This weekend just gone has been a case in point. After witnessing Leeds United’s virtuoso 5-0 demolition of Nigel Clough’s Burton Albion, I then sat through two televised Premier League games on Sunday, of quite mind-numbing boredom and ineptitude, where the standard of play was palpably inferior to the fare served up by Thomas Christiansen’s troops on Saturday. First Burnley edged out Crystal Palace through a Chris Wood gift goal, then Newcastle shaded a turgid contest at Swansea. Currently, I’m watching West Ham struggle against newly-promoted Huddersfield, in a game of barely better quality than the first two. It wasn’t a Super Sunday in the EPL, and so far it’s not exactly a Magic Monday either. Despite the propaganda of the EPL, this is anything but unusual. 

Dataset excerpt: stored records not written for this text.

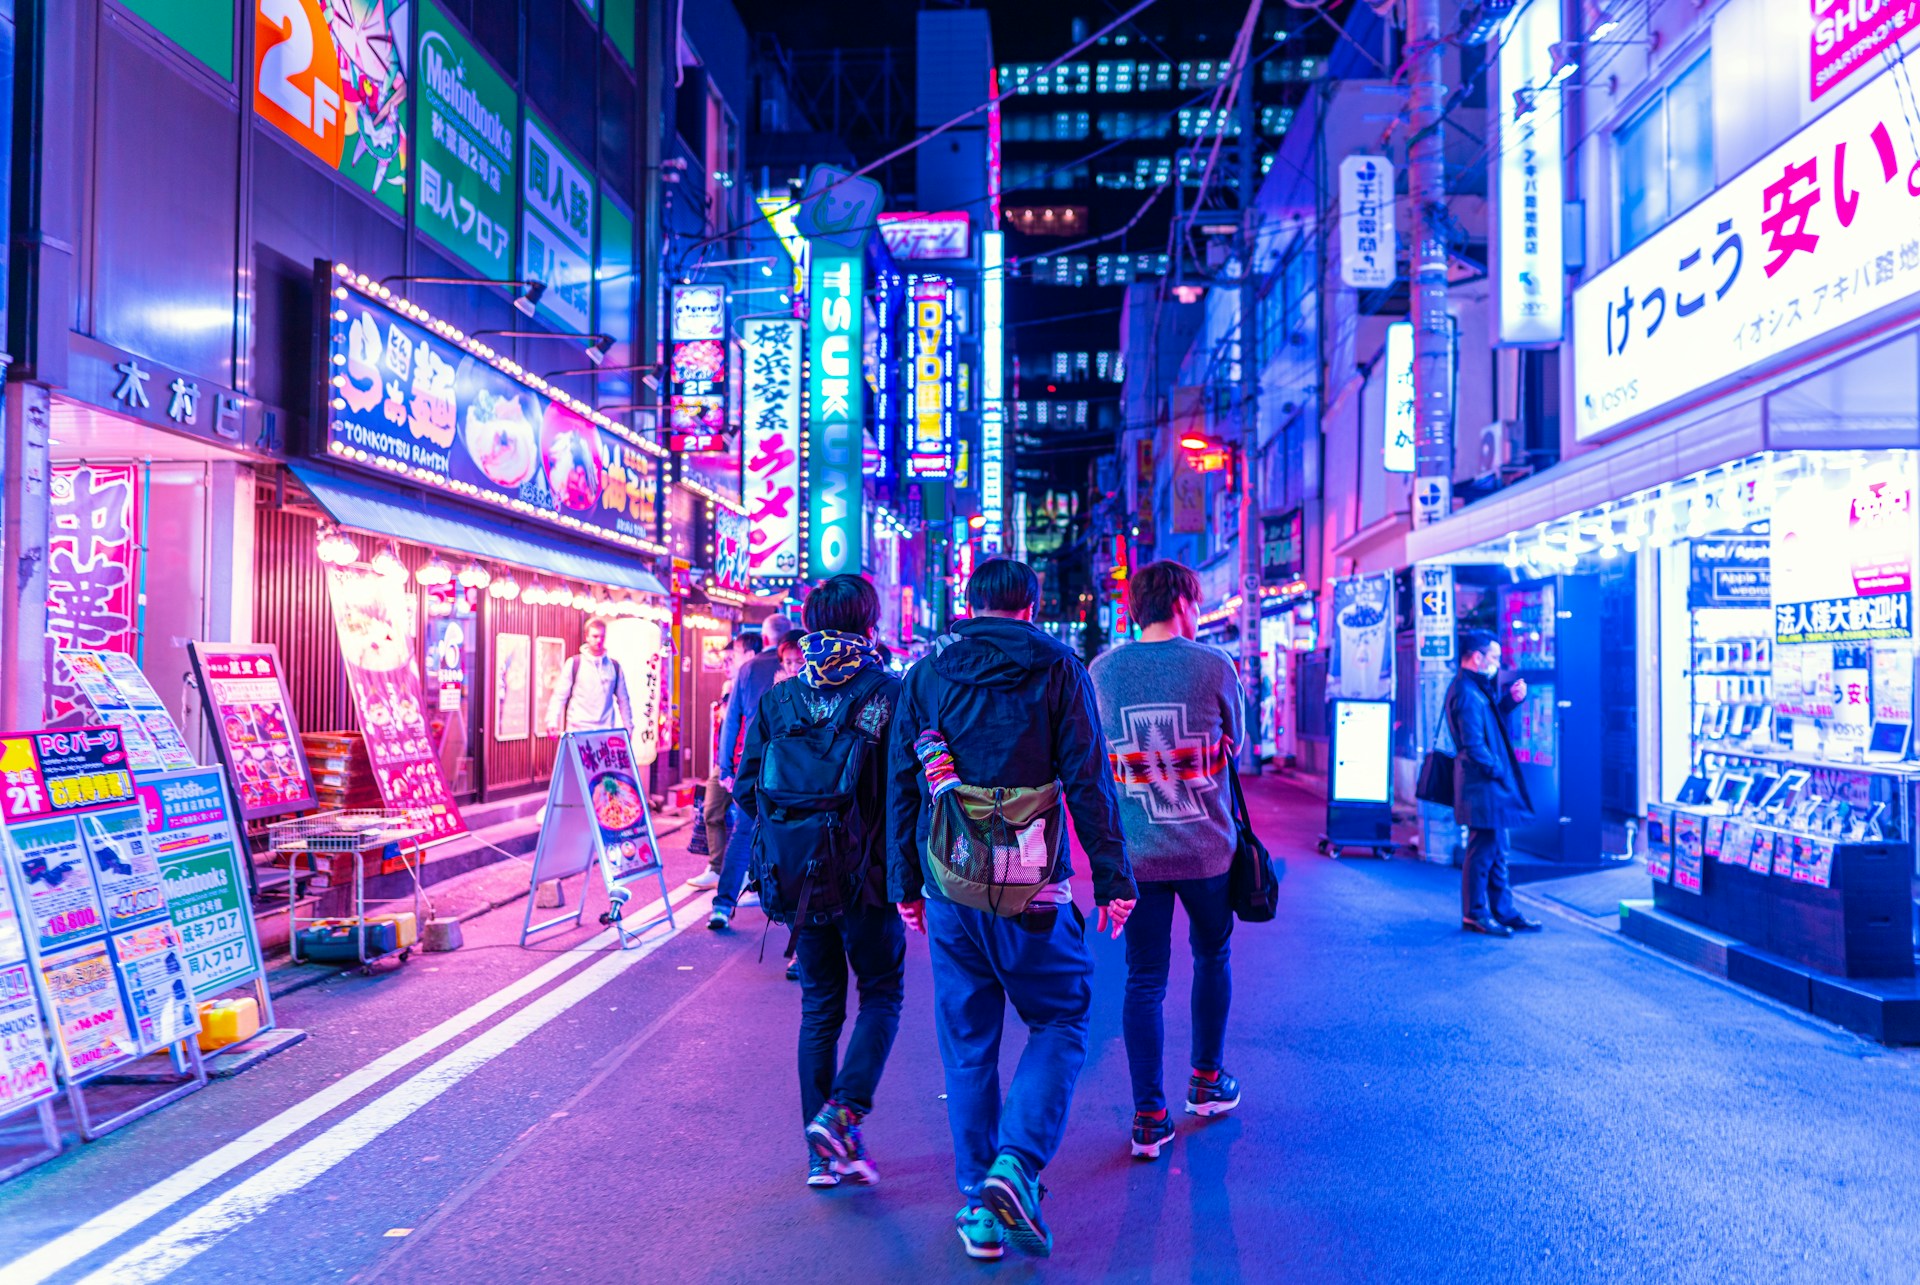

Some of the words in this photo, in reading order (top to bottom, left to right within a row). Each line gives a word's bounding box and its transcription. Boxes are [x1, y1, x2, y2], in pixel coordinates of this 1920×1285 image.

[1815, 0, 1890, 56] SHO
[259, 0, 340, 139] 2F
[427, 43, 512, 161] Melonbooks
[421, 159, 509, 259] 同人フロア
[115, 360, 283, 451] 木村ビル
[683, 381, 713, 395] 2F
[821, 262, 852, 572] TSUKUMO
[345, 420, 410, 460] TONKOTSU
[684, 436, 713, 450] 2F
[747, 433, 796, 569] ラーメン
[38, 731, 119, 758] PCパーツ
[6, 784, 43, 815] 2F

Of course, most fans will already be aware that talk of uniform excellence in the top flight is merely wishful thinking with a view to selling The Brand. A glance at the EPL odds on any given weekend will show that those in the know expect the Newcastles and Huddersfields of the Premier League to be soundly sorted out anytime they play one of the real big boys, or even some of the secondary pack such as Southampton or Everton. The Premier League is really two mismatched leagues in one, and it can be carnage when excellence meets mediocrity. The same is not true when Championship contenders play top flight strugglers. 

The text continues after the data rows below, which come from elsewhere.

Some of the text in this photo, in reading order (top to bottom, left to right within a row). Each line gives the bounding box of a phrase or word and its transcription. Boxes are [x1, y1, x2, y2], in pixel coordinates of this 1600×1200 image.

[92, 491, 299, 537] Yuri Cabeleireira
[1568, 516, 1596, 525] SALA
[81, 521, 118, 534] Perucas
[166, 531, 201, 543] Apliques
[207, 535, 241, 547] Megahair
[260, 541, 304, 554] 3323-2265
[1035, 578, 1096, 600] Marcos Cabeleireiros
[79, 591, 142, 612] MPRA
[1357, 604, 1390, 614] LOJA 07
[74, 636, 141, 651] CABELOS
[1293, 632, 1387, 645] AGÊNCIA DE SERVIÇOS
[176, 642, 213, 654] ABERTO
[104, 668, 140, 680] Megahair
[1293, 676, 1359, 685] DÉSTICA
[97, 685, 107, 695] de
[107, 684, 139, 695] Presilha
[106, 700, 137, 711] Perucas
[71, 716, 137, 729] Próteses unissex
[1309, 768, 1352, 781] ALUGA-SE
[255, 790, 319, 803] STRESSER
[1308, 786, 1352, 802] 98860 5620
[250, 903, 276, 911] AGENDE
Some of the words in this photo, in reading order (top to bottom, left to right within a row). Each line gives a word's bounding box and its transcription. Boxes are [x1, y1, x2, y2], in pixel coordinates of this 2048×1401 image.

The essential truth that has emerged from the opening part of the season is that this year’s emerging Championship aristocrats, our own Leeds United, have produced football to surpass anything Sky has shown live these past few days. I looked at the two Sunday games in the warm afterglow of that scintillating Elland Road display, and I knew – I just knew – that United could have seen off any of those four teams. The same applies to tonight’s combatants, on the evidence of the first half. 

And it’s not only this season, either. The overblown myth of Premier League superiority has been pierced and deflated on a few occasions in LS11 these past few years, by United sides with much less swagger than the current squad. Spurs, Gareth Bale and all, fell at Leeds in the FA Cup, the same season Everton were beaten in the League Cup. Lesser manifestations of Leeds than our heroes of Saturday have faced nominally higher-grade opposition, and have generally done OK. Other Championship clubs can report similar successes. It doesn’t fit in with the Premier League “we are da BEST” narrative, but it’s a fact nonetheless.

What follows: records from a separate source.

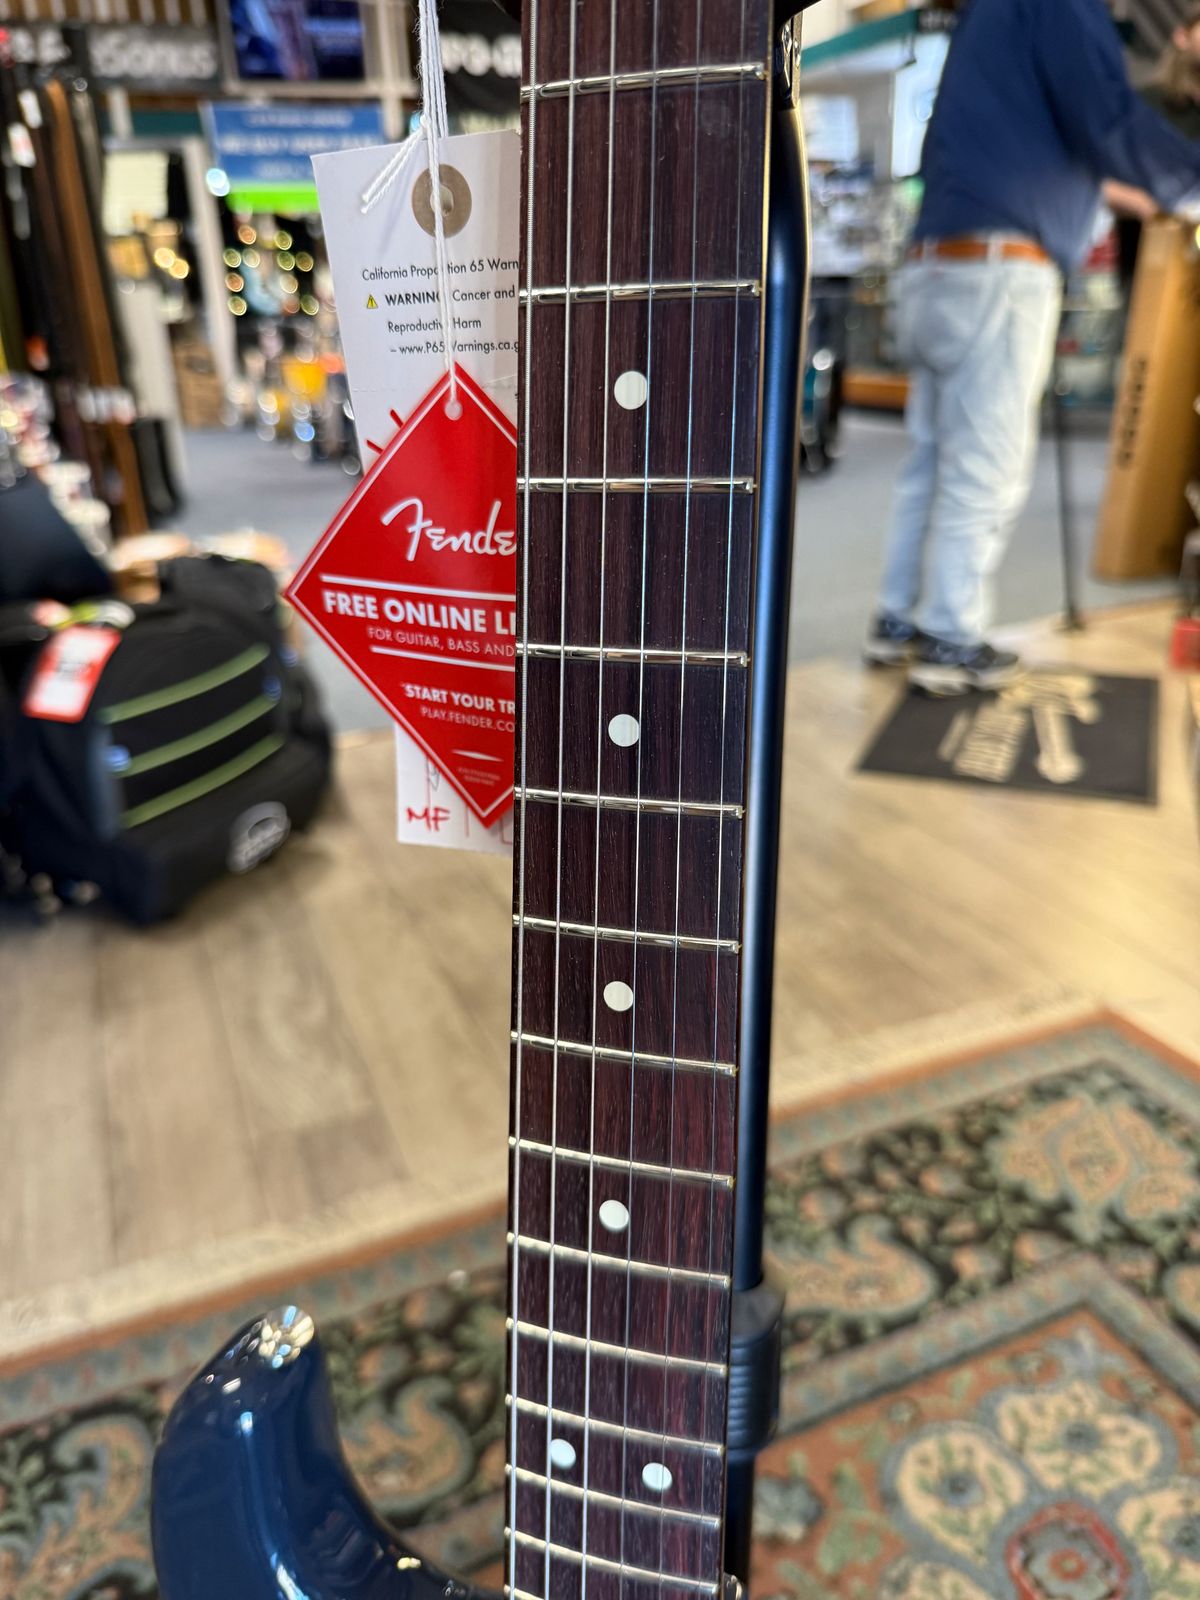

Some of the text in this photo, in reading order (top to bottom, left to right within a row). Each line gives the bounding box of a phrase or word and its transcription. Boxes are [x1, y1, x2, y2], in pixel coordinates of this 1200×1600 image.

[362, 258, 519, 281] California Propotion 65 Warn
[452, 289, 491, 302] Cancer
[494, 284, 516, 299] and
[453, 317, 482, 330] Harm
[381, 498, 517, 562] Fende
[323, 591, 379, 620] FREE
[384, 599, 488, 634] ONLINE
[367, 627, 515, 657] FOR GUITAR, BASS AND
[404, 684, 515, 715] START YOUR TR
[421, 707, 515, 732] PLAY.FENDER.CO
[406, 807, 450, 832] MF

The proof of the pudding, of course, is in the eating – and my contention will be put to the test at Burnley in the Carabao Cup shortly. But I honestly expect us to give a good account of ourselves, due to my conviction that Leeds United’s football this term has been a cut above much of what we’ve seen from the middle and lower echelons of the so-called “élite”. 

We shall see. But, whenever you can bear to tear your eyes away from the spectacular style and verve of Leeds United’s current performance levels, take a look at some of the Premier League dross being shown live by satellite. I’m pretty sure any objective judge, as well as we blinkered Whites fanatics, would concede that I’ve got a point. 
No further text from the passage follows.